EXERCISE REQUIREMENTS ▸ Transcribe each record exactly; skip any picture.

DATA RECORDS ▸
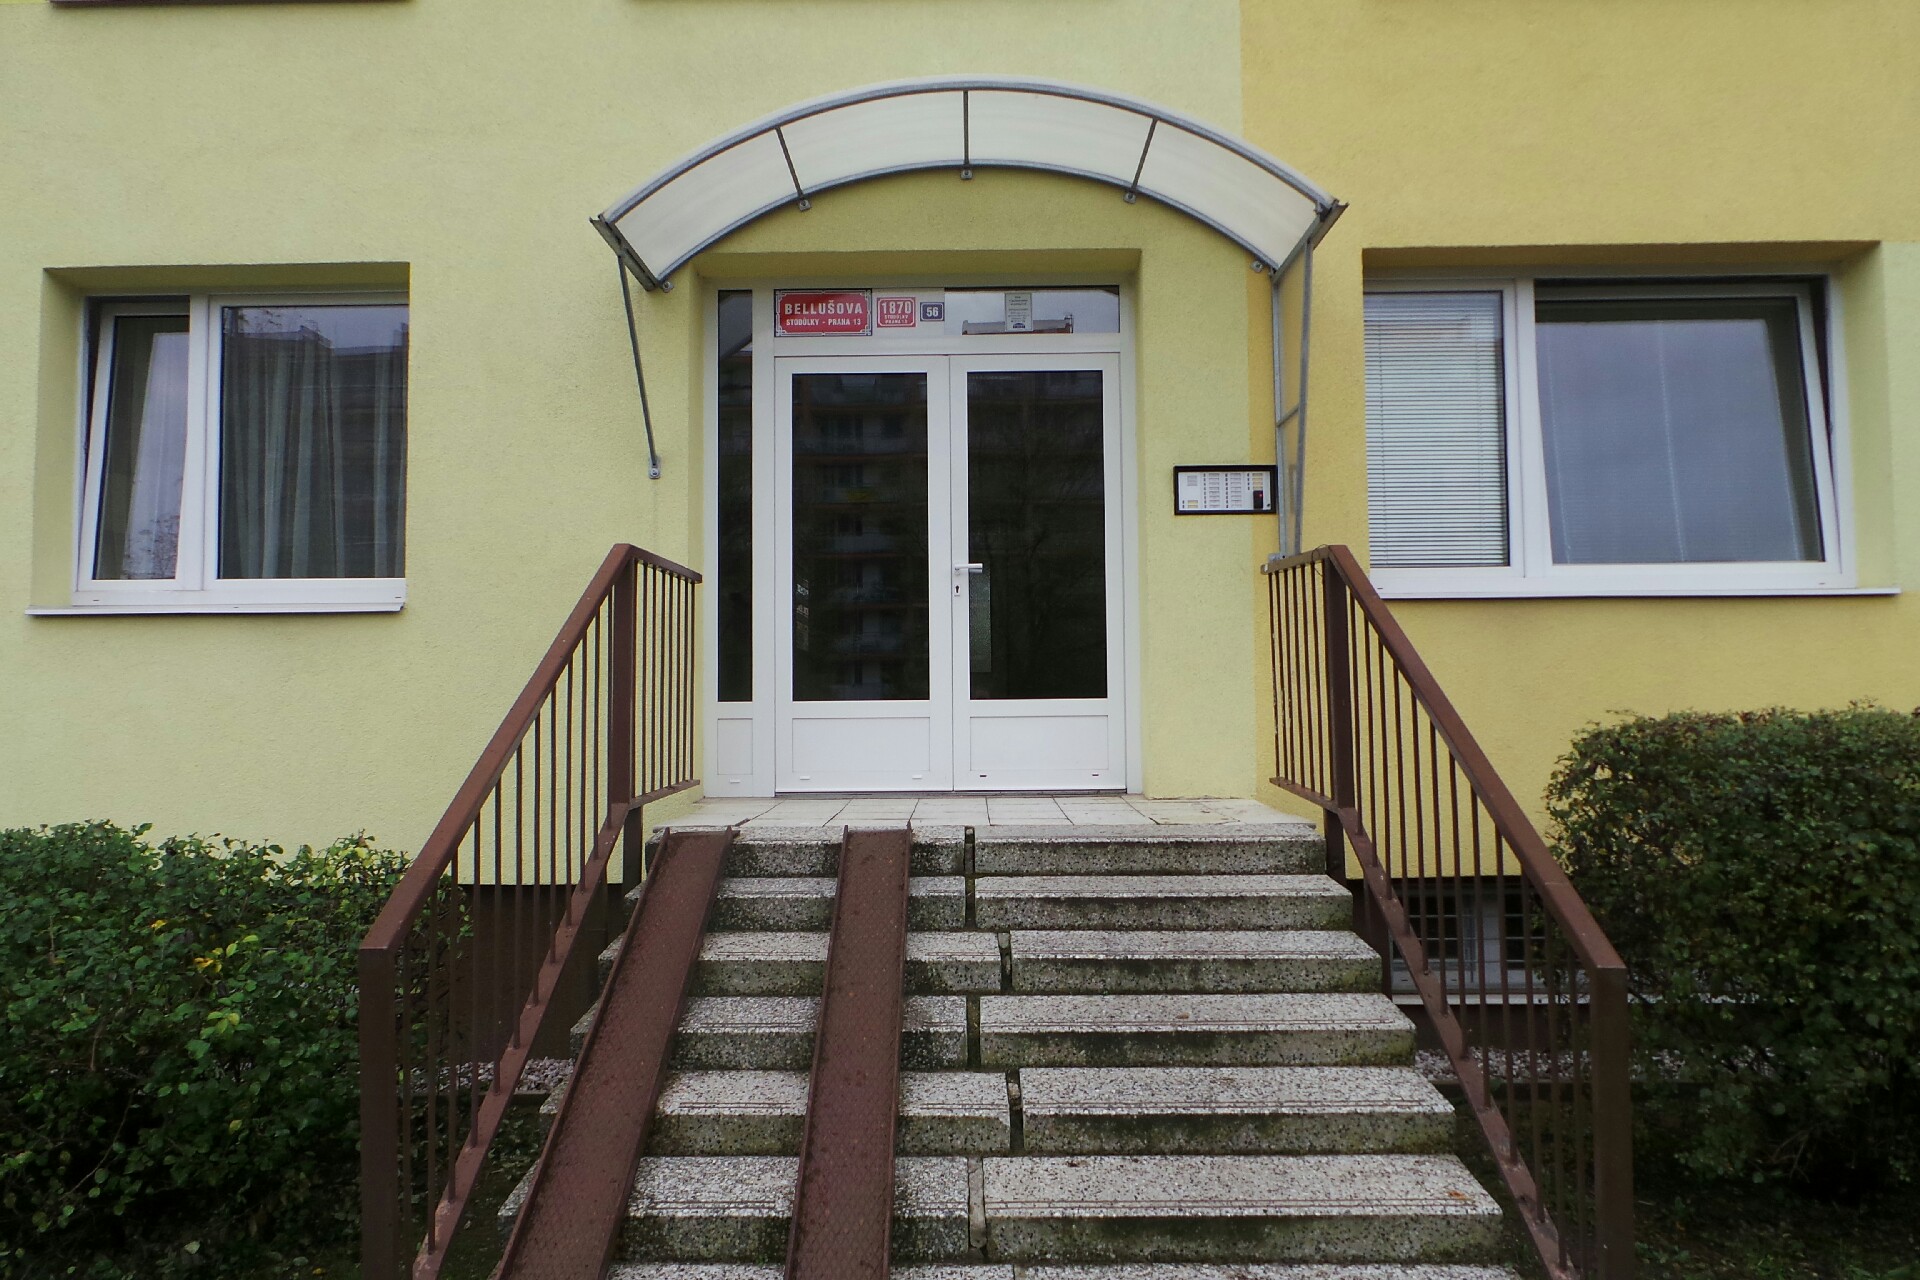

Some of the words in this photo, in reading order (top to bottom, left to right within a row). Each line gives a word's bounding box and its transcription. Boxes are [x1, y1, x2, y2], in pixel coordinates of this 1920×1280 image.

[784, 299, 863, 315] BELLUŠOVA
[882, 301, 912, 314] 1870
[926, 306, 939, 317] 56
[786, 317, 819, 326] STODŮLKY
[828, 318, 850, 326] PRAHA
[853, 318, 861, 326] 13
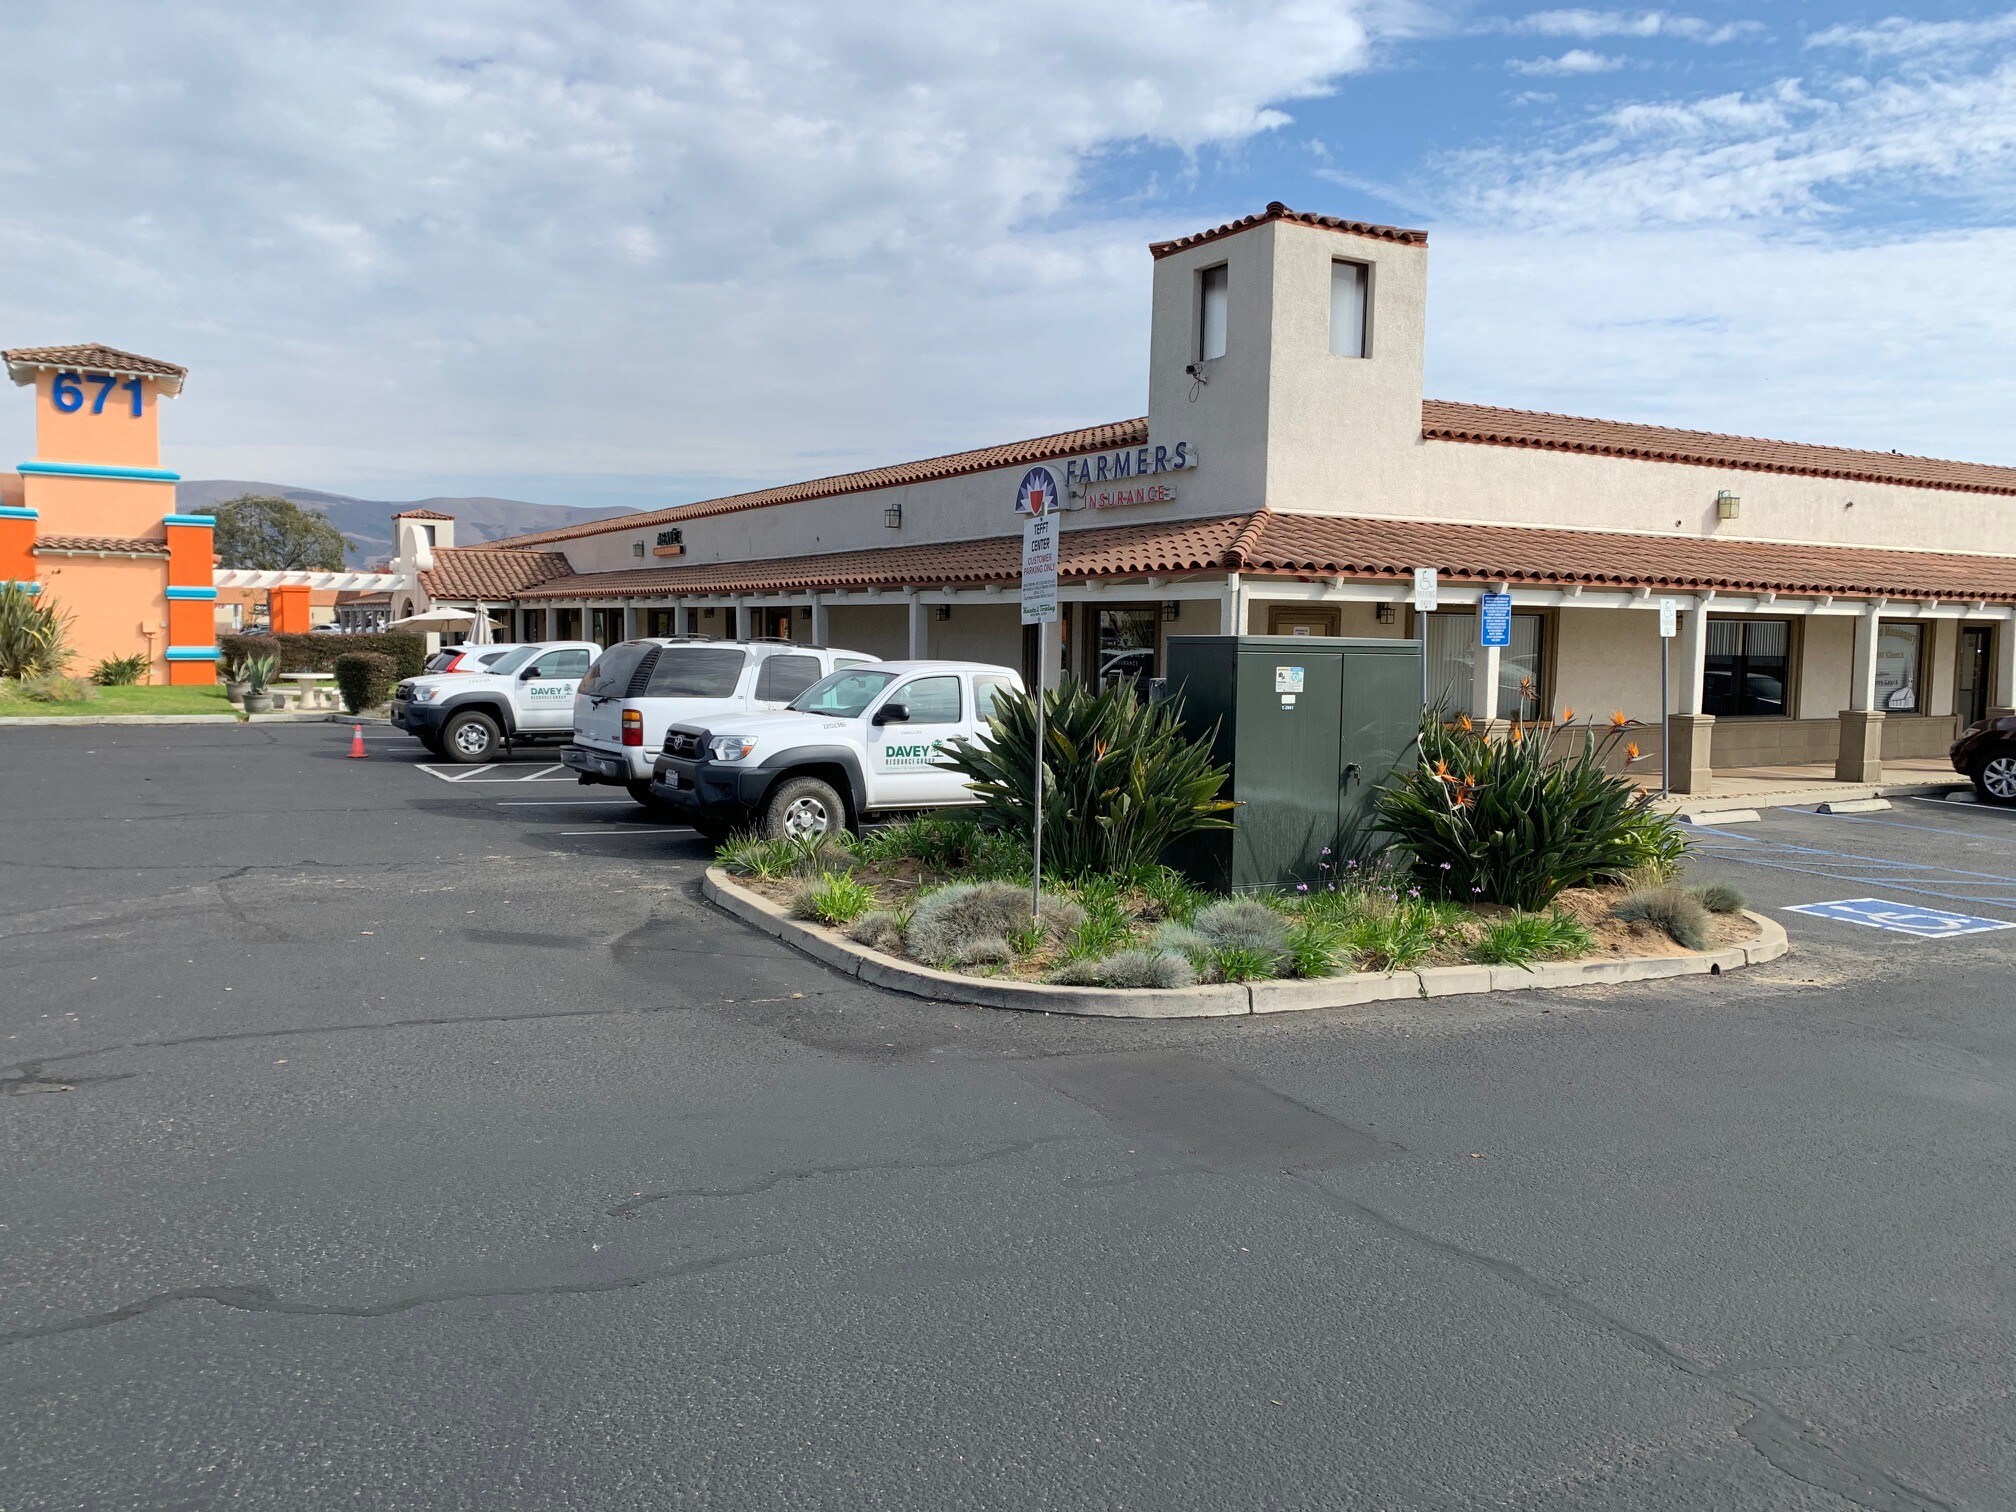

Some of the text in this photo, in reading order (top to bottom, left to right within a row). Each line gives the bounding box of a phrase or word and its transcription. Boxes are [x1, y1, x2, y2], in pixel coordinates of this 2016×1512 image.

[53, 372, 142, 417] 671
[1066, 441, 1187, 485] FARMERS
[1084, 485, 1166, 510] INSURANCE
[1034, 521, 1049, 535] TEFFT
[1031, 537, 1050, 552] CENTER
[1027, 553, 1052, 566] CUSTOMER
[1024, 562, 1055, 576] PARKING ONLY
[530, 687, 562, 695] DAVEY
[885, 745, 930, 758] DAVEY
[886, 757, 935, 766] RESOURCE GROUP
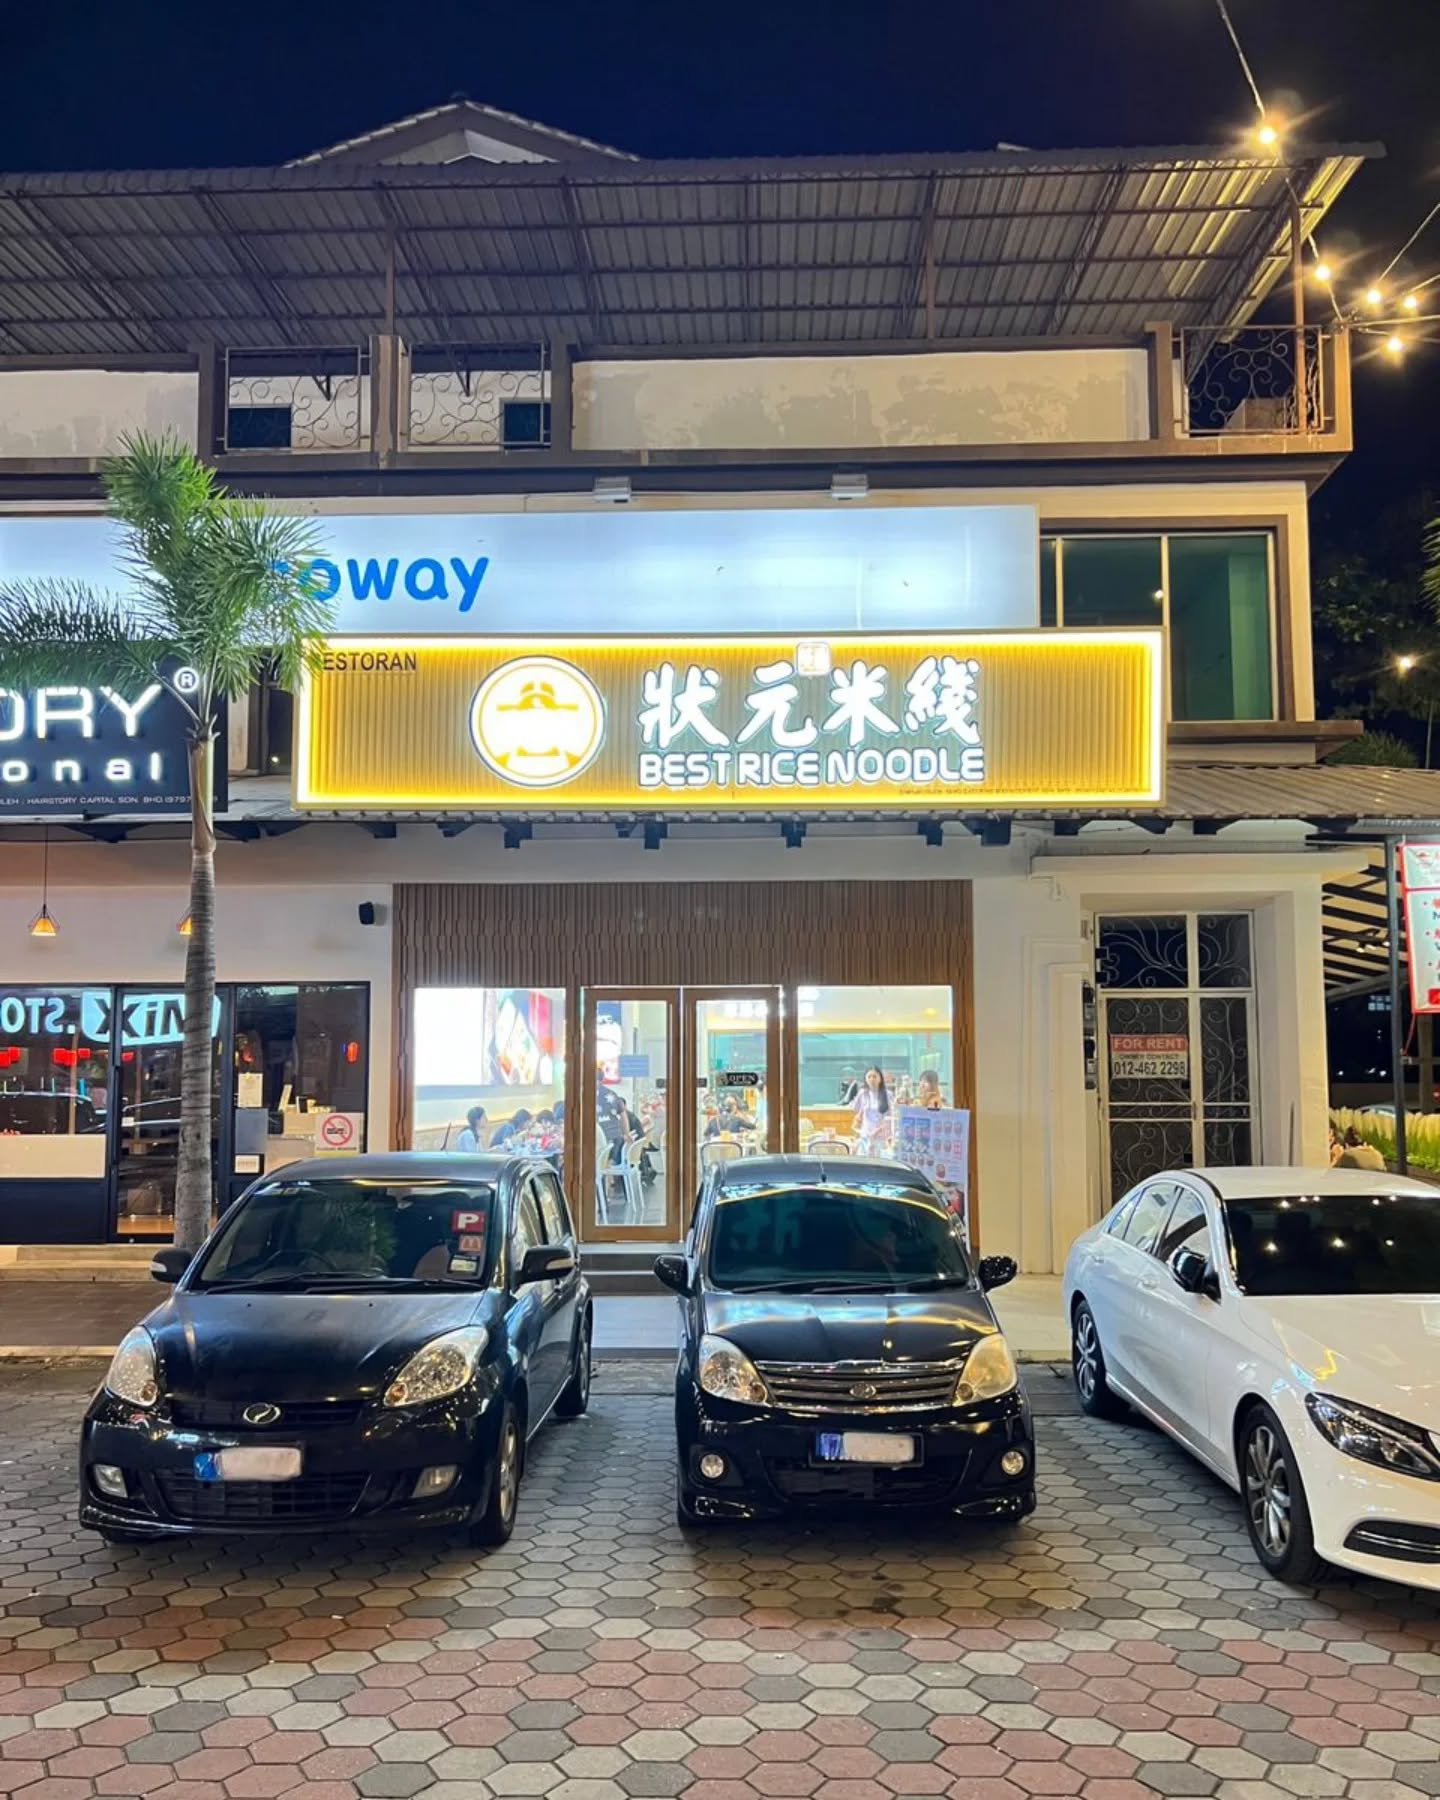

RESPONSE TO THIS EXERCISE ▸
Some of the words in this photo, in reading order (top to bottom, left to right within a row). Each line gives a word's bounding box and its transcription. Boxes are [x1, y1, x2, y2], in pixel coordinates of this 1920×1280 image.

[784, 299, 863, 315] BELLUŠOVA
[882, 301, 912, 314] 1870
[926, 306, 939, 317] 56
[786, 317, 819, 326] STODŮLKY
[828, 318, 850, 326] PRAHA
[853, 318, 861, 326] 13

Some of the text in this photo, in reading order (top to bottom, left to right within a row). Each line gives the bounding box of a phrase or word and its transcription. Boxes are [x1, y1, x2, y2], in pixel coordinates of this 2016×1512 image.

[53, 372, 142, 417] 671
[1066, 441, 1187, 485] FARMERS
[1084, 485, 1166, 510] INSURANCE
[1034, 521, 1049, 535] TEFFT
[1031, 537, 1050, 552] CENTER
[1027, 553, 1052, 566] CUSTOMER
[1024, 562, 1055, 576] PARKING ONLY
[530, 687, 562, 695] DAVEY
[885, 745, 930, 758] DAVEY
[886, 757, 935, 766] RESOURCE GROUP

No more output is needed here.